Going Wrong by Listening to Your Customers
Posted by Vovici Blog on Fri, Feb 11, 2011

"How can you go wrong listening to your customers?" may sound like a rhetorical question. But, in fact, you can go wrong by listening to customers, if you hear them out and then assume that they are typical of other customers when they're not.
For one project, over 15 years ago now, a service organization commissioned us to do qualitative research with a handful of clients in the United States and Europe to determine interest in a potential new product. The respondents were all quite interested and enthusiastically described how they could use the product to cut costs and improve quality. Sounds like a sure-fire winner, right?
Unfortunately, we were not engaged to do the next step: develop a quantitative market opportunity, applying the lessons learned from the qualitative research and estimating the percent of prospects that would be interested.
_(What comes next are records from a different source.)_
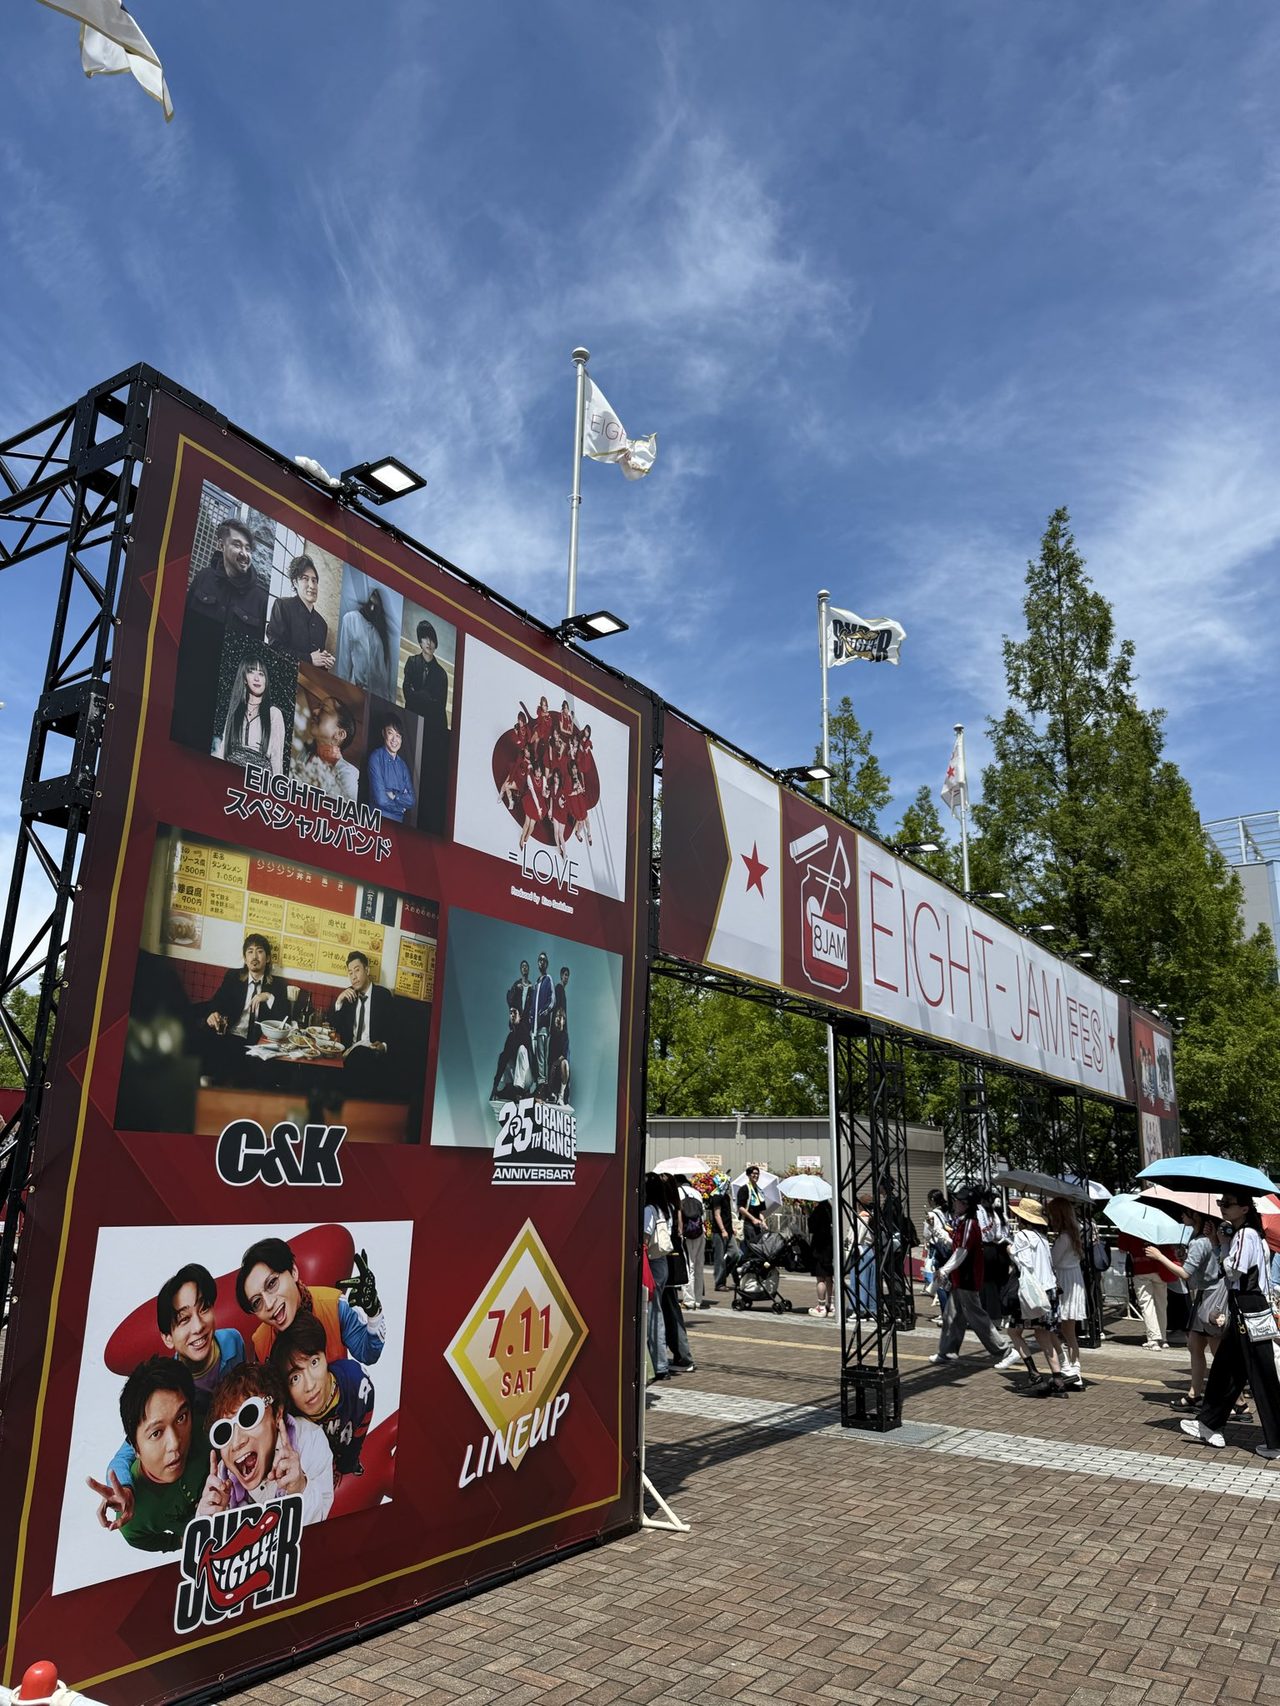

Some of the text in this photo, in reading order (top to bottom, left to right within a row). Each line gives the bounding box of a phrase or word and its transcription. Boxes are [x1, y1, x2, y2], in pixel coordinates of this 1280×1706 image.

[224, 787, 392, 862] スペシャルバンド
[244, 762, 382, 833] EIGHT-JAM
[813, 925, 847, 962] 8JAM
[534, 1103, 577, 1139] ORANGE
[542, 1127, 577, 1161] RANGE
[215, 1118, 348, 1187] C&K
[492, 1168, 575, 1180] ANNIVERSARY
[487, 1304, 551, 1360] 7.11
[501, 1367, 536, 1398] SAT
[458, 1392, 570, 1489] LINEUP
[174, 1493, 304, 1635] SUR
The service organization went ahead and developed the product, solely based on the initial qualitative research.
Alas, as it turned out, the firm's customers were not typical of the larger market. Most prospects didn't have the same high usage and the same willingness to adopt the product as the firm's customers did. As a result, the product sold fitfully for four years and was a market failure.
I'd like to say this is an isolated example, but it happens frequently. Online communities and focus groups and personal interviews are great for developing ideas, but then those ideas need to be tested through quantitative research to ensure that the ideas resonate with a wider audience, an audience that is representative of the target market.
So, to answer the rhetorical question: "Yes, you can go wrong by listening to customers, simply by incorrectly generalizing from what you hear."